Season of the Shark
Thank you so much for your article on sharks [SCIENCE, July 30]. I am glad to see one of nature's most beautiful creatures finally portrayed in a scientific fashion, as opposed to the gruesome Hollywood film images. I am studying marine biology in college and, while diving in the Caribbean, have encountered several types of sharks. In every case in which I came upon a shark, it swam away. We humans are a much greater threat to sharks than they are to us. ANDREA C. LAMBERTSON Murfreesboro, Tenn.
I can't help thinking of attacks by sharks as their revenge for our overfishing some shark species to the point of near extinction and for entangling and slowly killing them with factory-fishing drift nets that sweep the seas. GILBERT SCHWARTZ Aventura, Fla.

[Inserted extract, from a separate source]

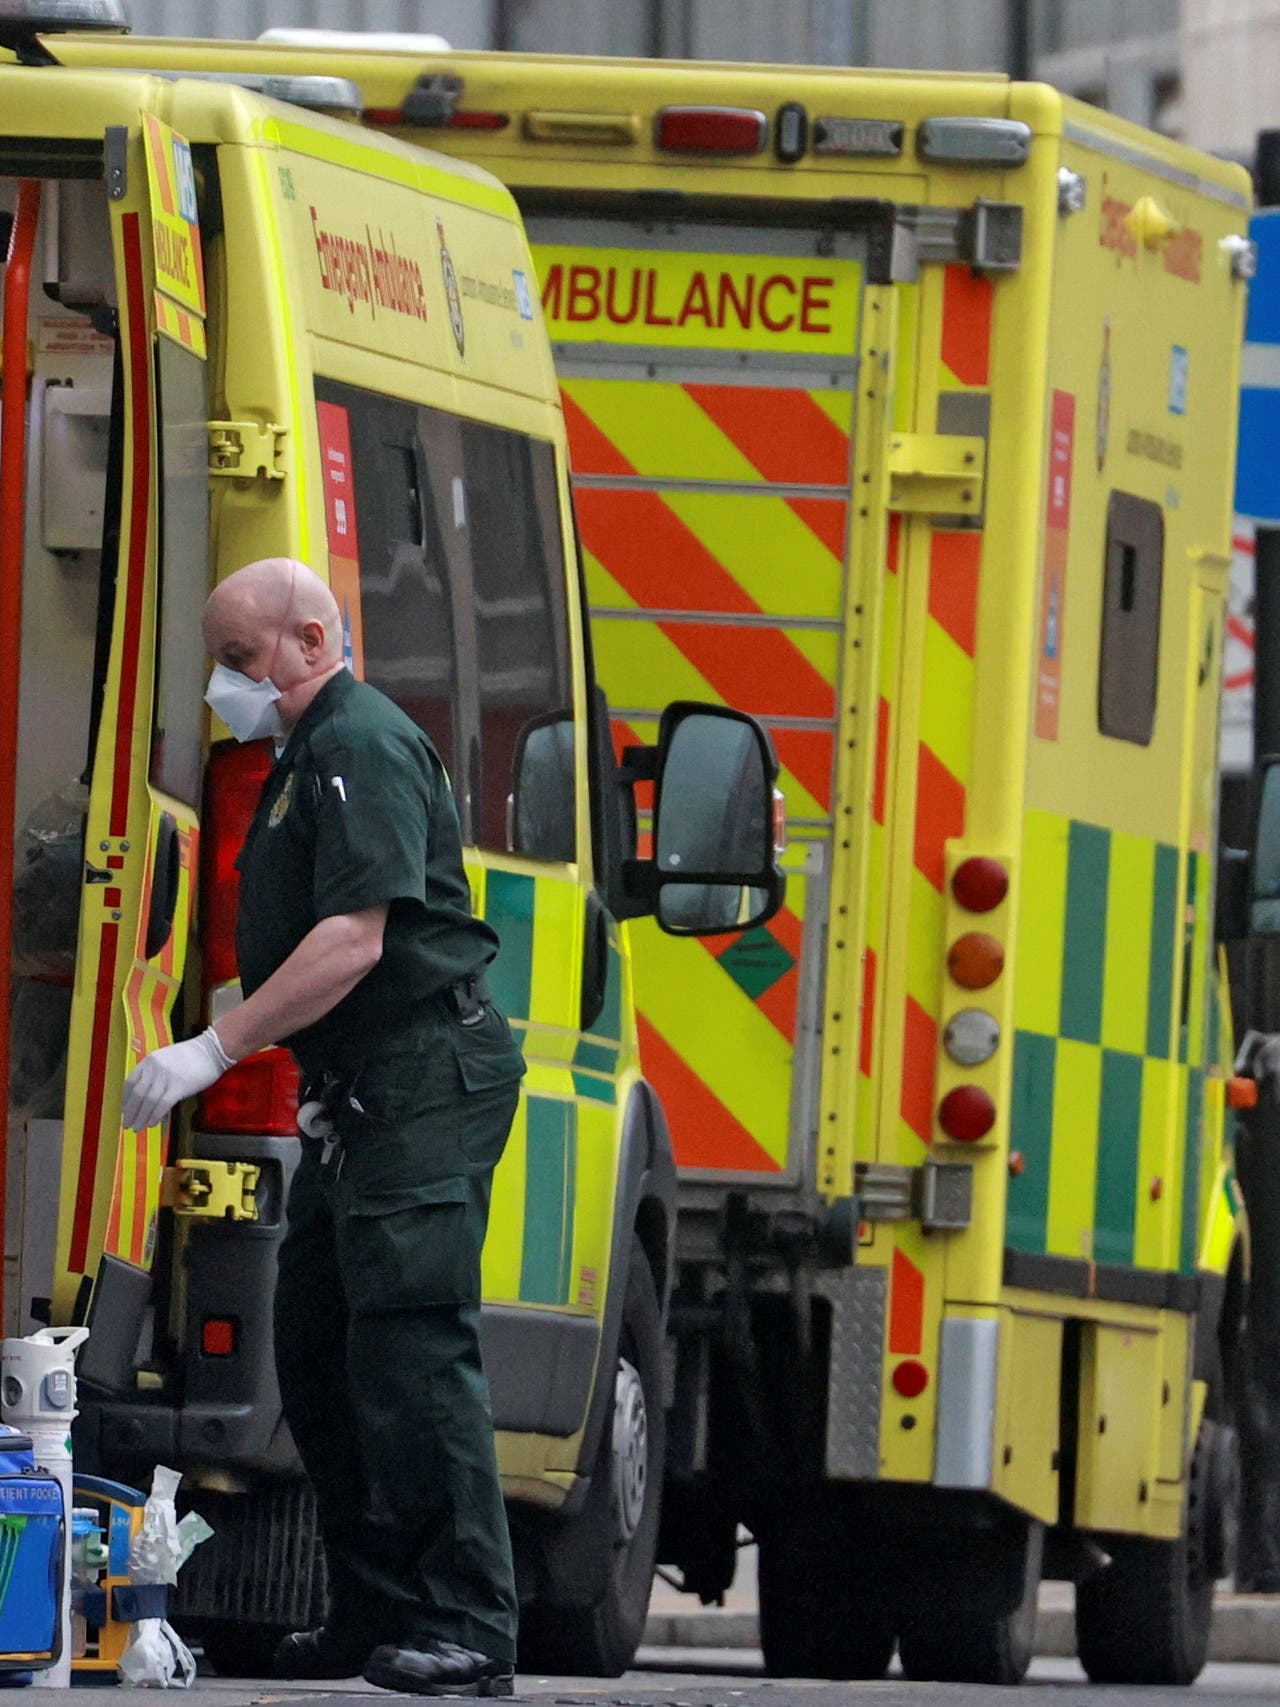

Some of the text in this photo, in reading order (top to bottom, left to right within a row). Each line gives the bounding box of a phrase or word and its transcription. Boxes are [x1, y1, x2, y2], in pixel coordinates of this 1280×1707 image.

As a scuba diver, I have had frequent and always exhilarating encounters with several species of sharks--sometimes as many as 30. As an astronomer, I have commonly and excitedly viewed dozens of beautiful shooting stars. Being bitten by a shark or struck by a meteorite would be extremely serious and possibly fatal. Yet given the probability, it appears that the greater danger for our anxiety-prone society is not in the seas or the stars but in ourselves. If we are overcome by the imagined risk of unlikely death, we may miss the elusive chance to live fully. (THE REV.) WILLIAM J. KEANE Branford, Conn.
The shark-feeding tours that you mentioned should be banned. Sharks are hardly demons of the sea, but it is dangerous for them to associate humans with the provision of food. Sharks now consider the sound of a boat engine a signal for getting food, and this is too risky to be allowed to continue. Ban shark-feeding excursions before it is too late. We don't need any more human or shark deaths. PAUL FUCITO Washington
While impressive, the pictures that accompanied your cover story contradicted the article's message that humans are most often inadvertent victims rather than targeted prey. In three photos, the shark appears as the aggressive killer the fearful public has always imagined. You should have chosen photographs that better depicted the misunderstood fish you wrote about. In this case, the pictures negated your thousand words. ADAM WYSE Delaware, Ohio
The media are to blame for the sudden fear that has resulted from recent shark attacks. As humans, supposedly being of high intelligence, we should know the ocean is the shark's territory, its home. We enter at our own risk. We know from common sense that sharks live in the ocean, that surfers resemble seals and that dusk is an inappropriate time to go swimming, especially alone. Sharks are fascinating creatures of the seas and should get some respect. KIM FRILEY Columbus, Ohio
--The ferocious-looking cover photo for our report on shark behavior elicited some rather, well, biting commentary from a few of you. "That TIME would demonize the majestic white shark to sell magazines shows true desperation," snapped a New Yorker. "You will only hasten its demise." A Seattle reader objected to "tabloid-news antics" and questioned why TIME "devoted a cover to shark attacks since, according to the article, dogs bite many thousands more people than sharks do." A tad more appreciative was a reader from Michigan who said he was "glad to see my lawyer made your cover."